The little old inventor stopped a moment, then added:
"Sometimes I figger what I was put in the world for was to do pilot duty. You know there's folks that never own a ship of their own but just spend their days towin' other people's ships into port. They ain't so bad off neither," he went on in a merrier tone, "'cause there's a heap of joy in helpin' some other vessel to make a landin'."
More moved by the words than he would have confessed, Robert Morton watched the bent figure move through the door and out into the sunshine; and afterward, banishing the seriousness of his mood, he climbed the hill to the white cottage, there to evolve with Delight a plot that should hold the men of the Brewster household captive long enough for Willie and himself to attach to Zenas Henry's motor-boat the new invention.
CHAPTER XX
ONE MORE OF WILLIE'S SHIPS REACHES PORT
Three feverish days passed, days of constant hard work and myriad trivial annoyances. A train of misadventures had attended the transference of Willie's "idee" to Zenas Henry's boat. Parts had failed to fit, and much wearisome toil had been demanded before the device was actually in place. At last, however, all was ready, and Abbie Brewster, a party to the conspiracy, had on a sunny morning urged her reluctant spouse and the three captains to make a trip out to the Bar for clams. They were none too keen about the proposed expedition, for the weather was warm and their course lay through shallow waters which after the recent storm were turbid with seaweed. Nevertheless, ignoring their unwillingness, Abbie declared she must have the clams, and was not her word law?

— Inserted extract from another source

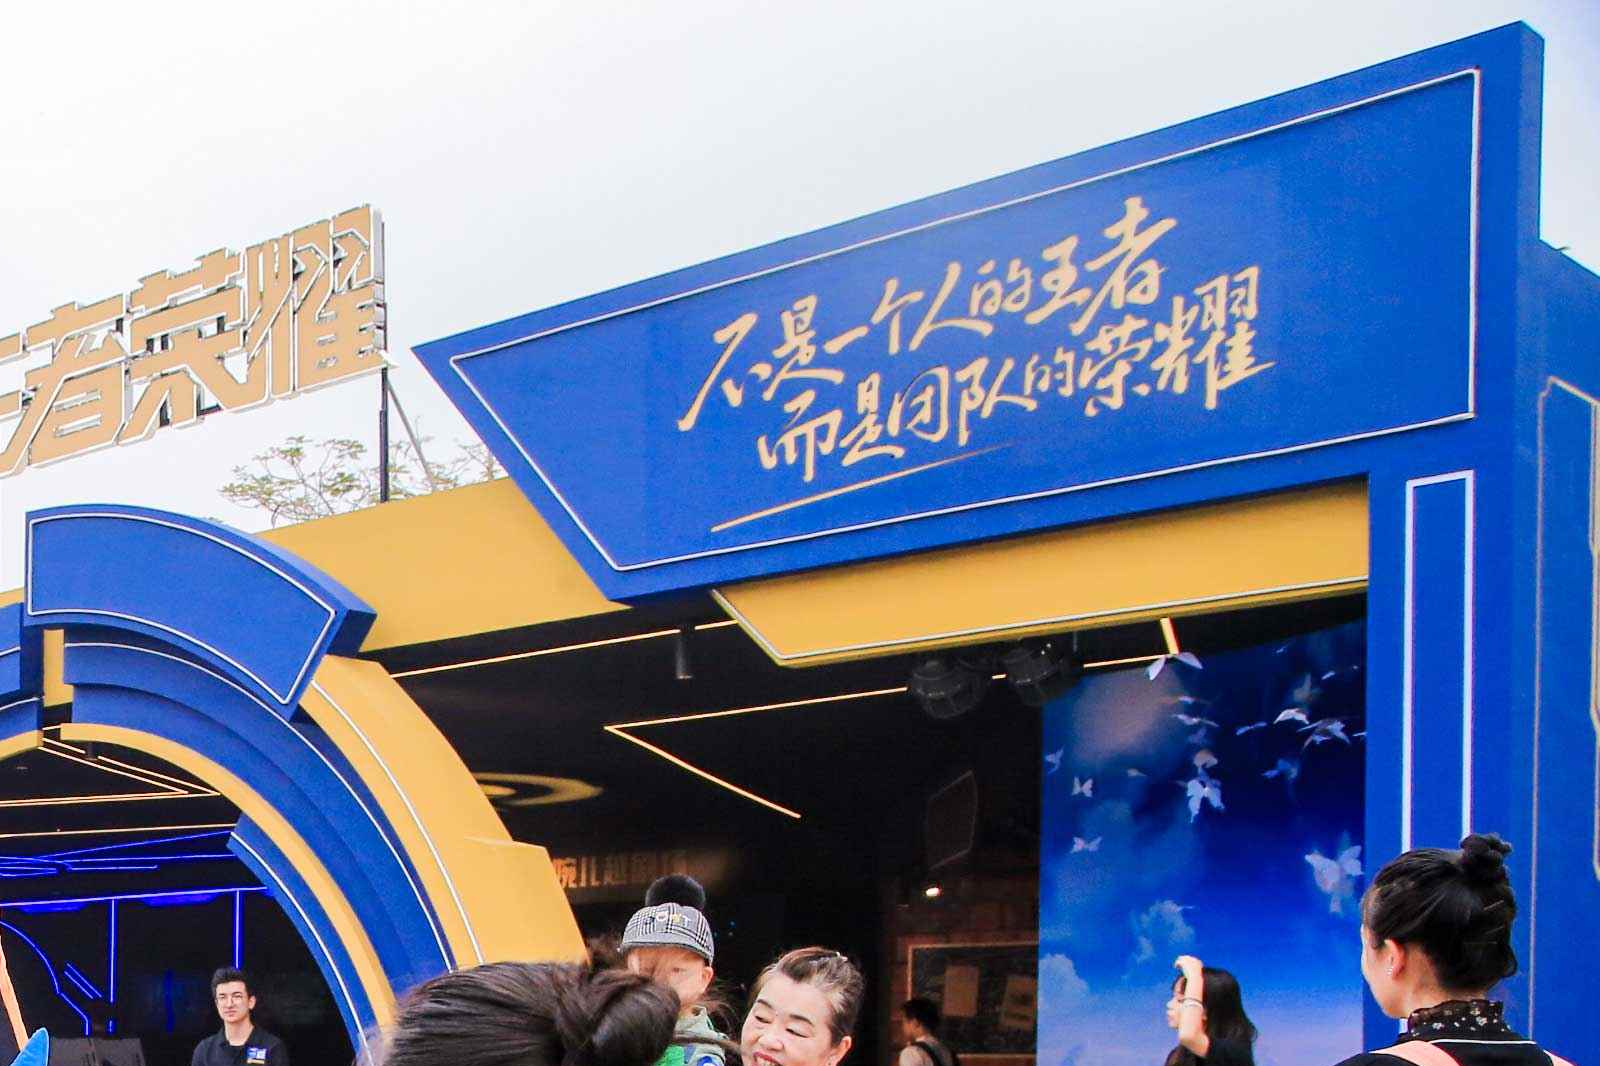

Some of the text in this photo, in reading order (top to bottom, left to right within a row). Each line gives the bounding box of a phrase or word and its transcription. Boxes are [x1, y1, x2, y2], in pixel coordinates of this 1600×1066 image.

Therefore, without enthusiasm, the four fishermen had set forth with their buckets and their clam forks, and it was now a full three hours since the motor-boat that carried them had disappeared around the point of sand jutting into the sparkling waters of the bay.

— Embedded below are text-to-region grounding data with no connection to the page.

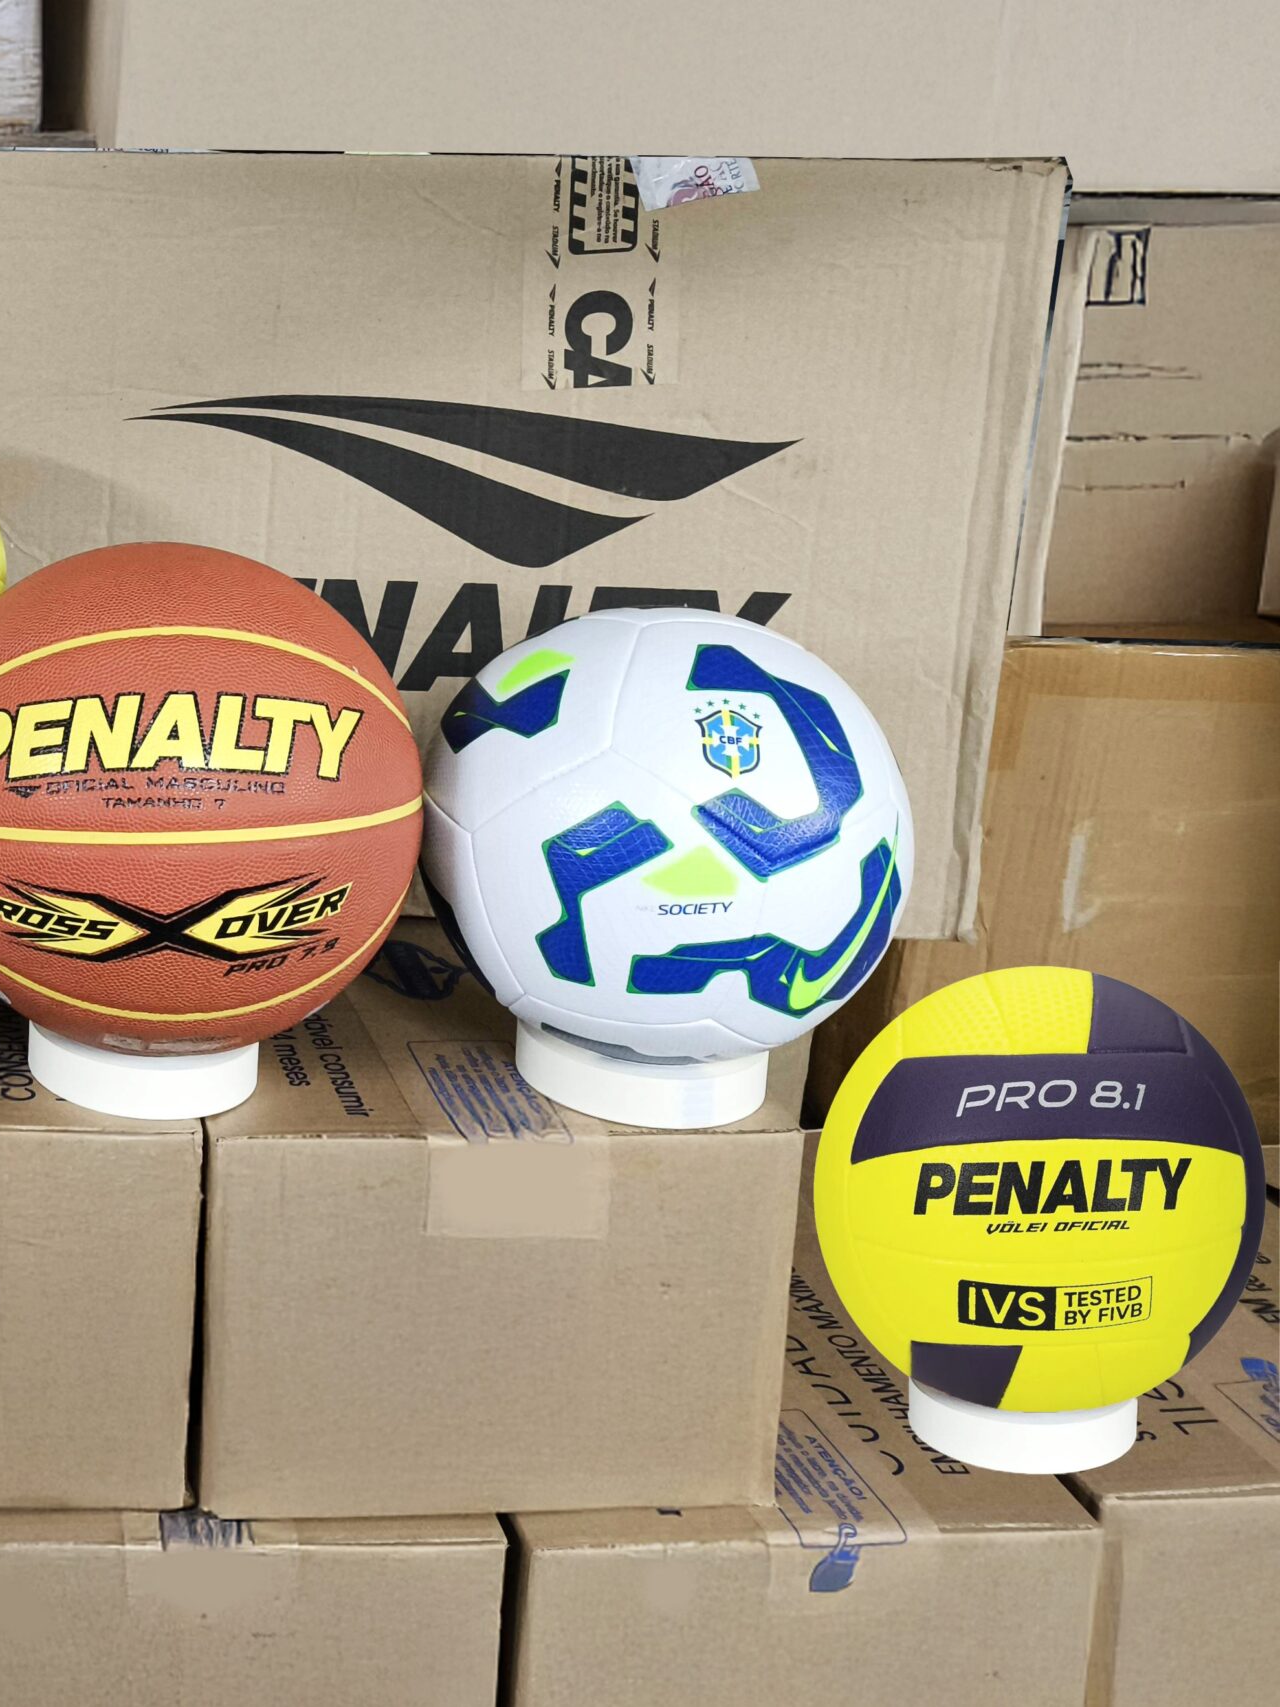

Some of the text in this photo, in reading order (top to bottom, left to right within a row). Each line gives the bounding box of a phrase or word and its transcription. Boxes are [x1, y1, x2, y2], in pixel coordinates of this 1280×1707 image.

[551, 179, 561, 256] PENALTY STADIUM
[651, 218, 660, 250] STADIUM
[547, 304, 556, 380] PENALTY STADIUM
[646, 299, 656, 374] PENALTY STADIUM
[719, 735, 743, 746] CBF
[45, 777, 285, 795] OFICIAL MASCULINO
[101, 797, 203, 810] TAMANHO
[213, 884, 350, 941] OVER
[657, 902, 734, 916] SOCIETY
[223, 955, 289, 977] PRO
[273, 1043, 311, 1088] meses
[319, 1053, 374, 1118] consumir
[956, 1079, 1147, 1118] PRO 8.1
[913, 1157, 1193, 1216] PENALTY
[986, 1219, 1130, 1235] VÔLEI OFICIAL
[968, 1287, 1047, 1327] IVS
[1063, 1285, 1141, 1308] TESTED
[1064, 1303, 1143, 1327] BY FIVB

Bob and Willie, secreted in the workshop, had breathlessly watched the Sea Gull thread her way through the channel and make the curving shelter of the dunes, and ever since the old inventor had sat alert on an overturned nail keg, his binoculars in one hand and his great silver watch in the other, counting the moments until the little craft should return from its momentous cruise. The vigil had been long and tedious, with only the ticking of the mammoth timepiece and the far-off rumble of the surf to break the stillness.
Presently Celestina came from the kitchen into the shop.

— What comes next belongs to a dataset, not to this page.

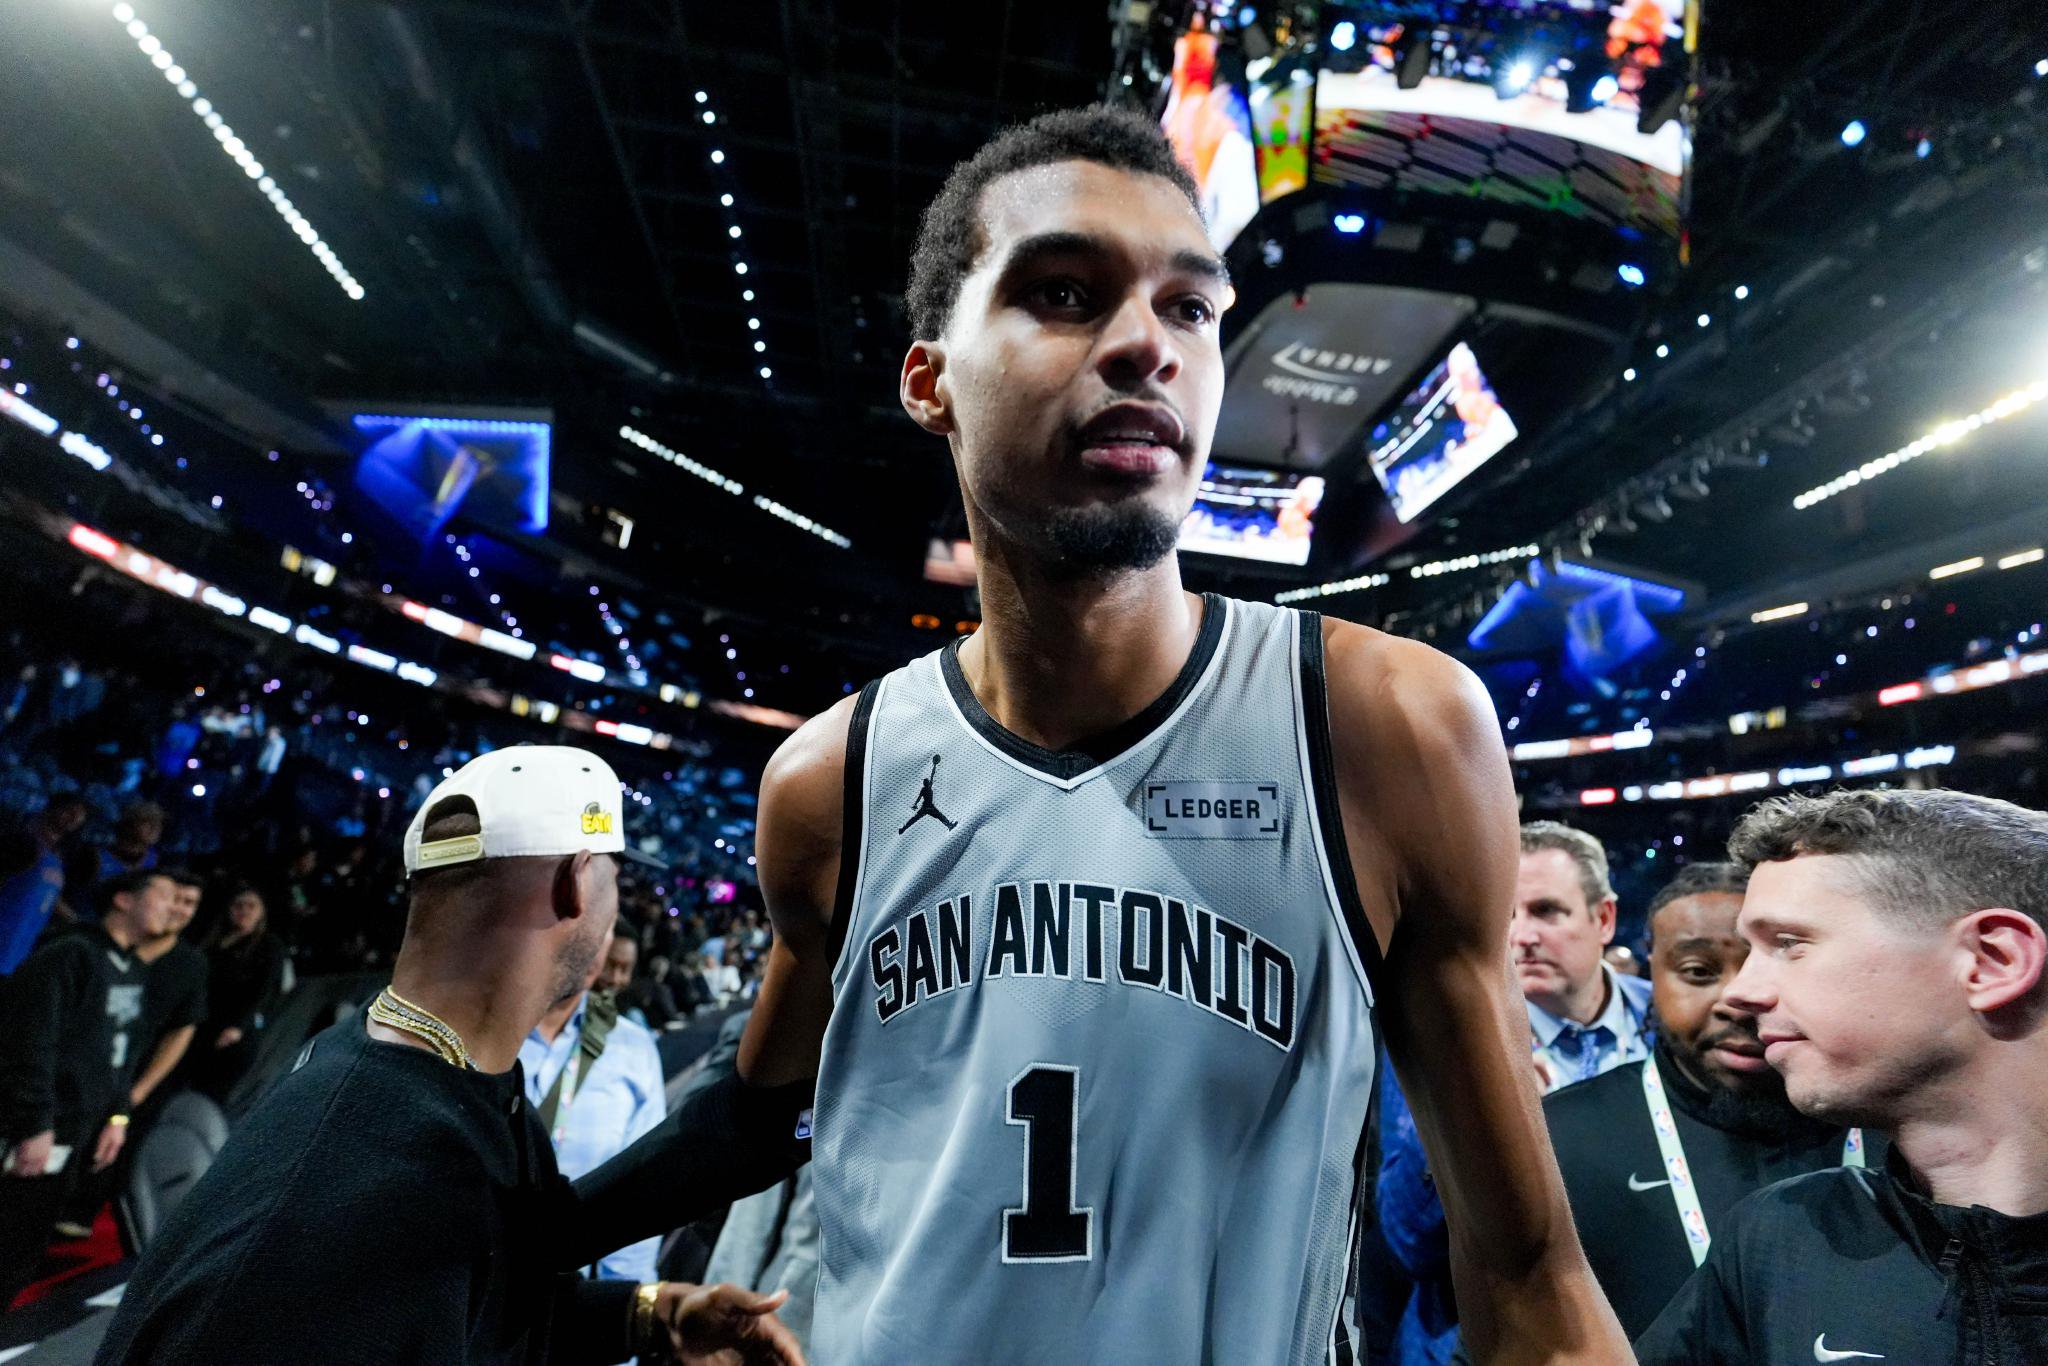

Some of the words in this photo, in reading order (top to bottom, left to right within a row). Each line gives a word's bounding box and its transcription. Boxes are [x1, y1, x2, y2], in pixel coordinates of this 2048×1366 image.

"I'm bringin' you a dish of hot doughnuts," she said, a kindly sympathy in her face. "Oughtn't them men to be comin' pretty soon now?"
For the hundredth time Willie raised the glasses and scanned the shimmering golden waters.
"We should sight 'em before long," he nodded.
"You don't see nothin' of 'em?"
"Not yet."
There was an anxious frown on his forehead.
"Why don't you eat somethin'?" suggested she. "It might take your mind off worryin'."
"I ain't worryin', Tiny," was the confident reply. "The boat's all right."
"S'pose it should be snagged or somethin' outside the bay?" she ventured. "I wish to goodness they'd come back. Look, here's Delight an' Abbie comin' through the grove. Likely they've been gettin' uneasy, too."
Sure enough, moving among the low pines that shaded the slope between the Spence and Brewster houses they saw the two women.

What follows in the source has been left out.